TASK TO CARRY OUT:
Output the data below exactly, images excluded.

Top of DATA FOR THIS EXERCISE

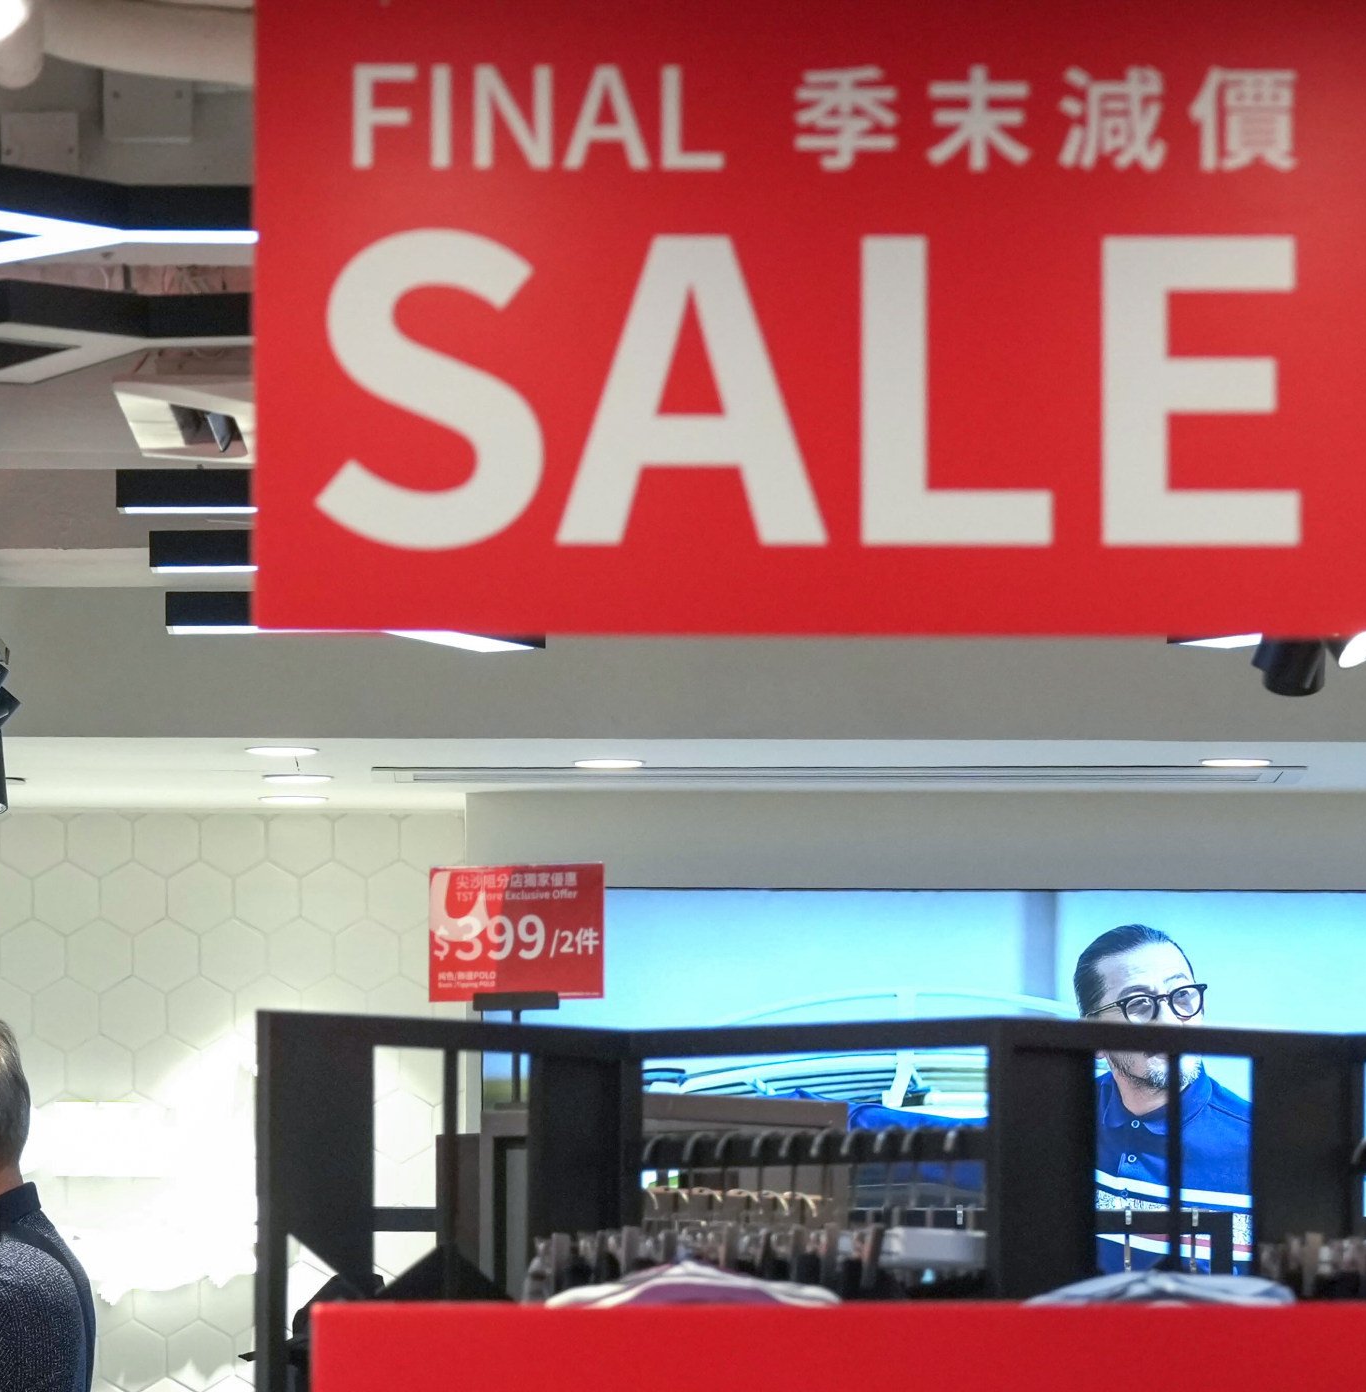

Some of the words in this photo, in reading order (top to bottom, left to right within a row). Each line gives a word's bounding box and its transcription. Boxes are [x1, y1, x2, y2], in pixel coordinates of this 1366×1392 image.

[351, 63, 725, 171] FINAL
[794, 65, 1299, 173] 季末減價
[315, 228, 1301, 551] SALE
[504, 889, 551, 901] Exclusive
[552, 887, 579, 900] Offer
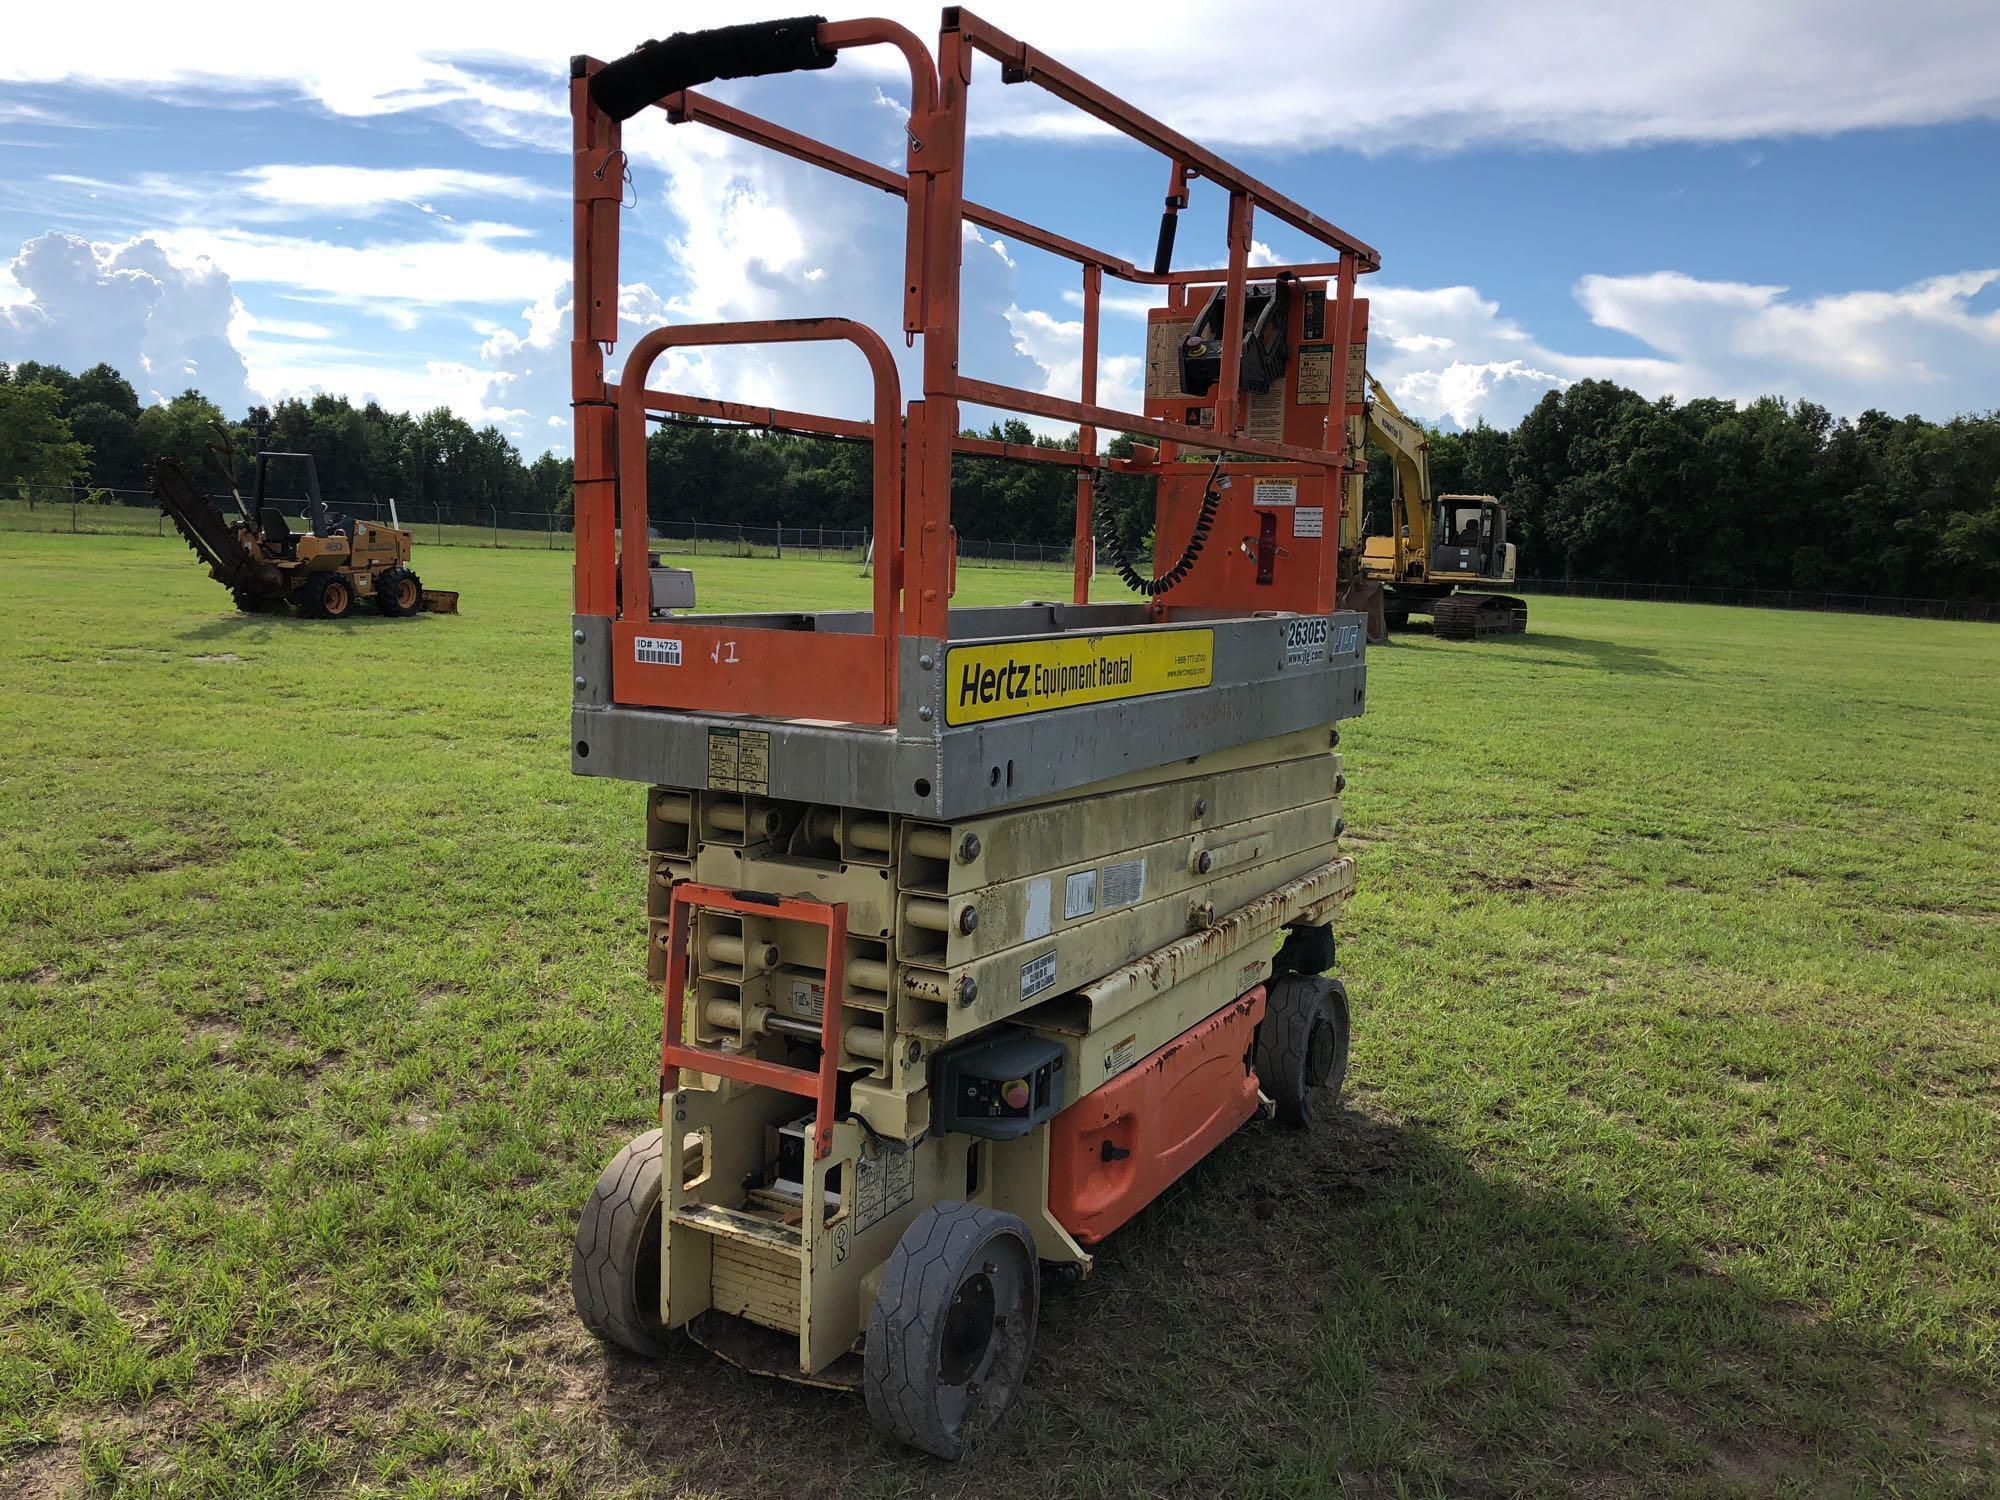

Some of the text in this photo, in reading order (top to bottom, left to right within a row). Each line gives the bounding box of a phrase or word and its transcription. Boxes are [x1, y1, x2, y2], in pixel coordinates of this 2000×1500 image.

Bottom of DATA FOR THIS EXERCISE

TASK SOLUTION:
Some of the words in this photo, in reading order (top to bottom, left to right within a row). Each line gives a word's bounding box and its transcription. Boxes are [x1, y1, x2, y2], in pixel coordinates of this 1366×1392 image.

[351, 63, 725, 171] FINAL
[794, 65, 1299, 173] 季末減價
[315, 228, 1301, 551] SALE
[504, 889, 551, 901] Exclusive
[552, 887, 579, 900] Offer

Some of the text in this photo, in reading order (top to bottom, left to right within a row). Each line gives the bounding box of a phrase or word and its transcription. Boxes are [x1, y1, x2, y2], in pixel coordinates of this 2000×1500 image.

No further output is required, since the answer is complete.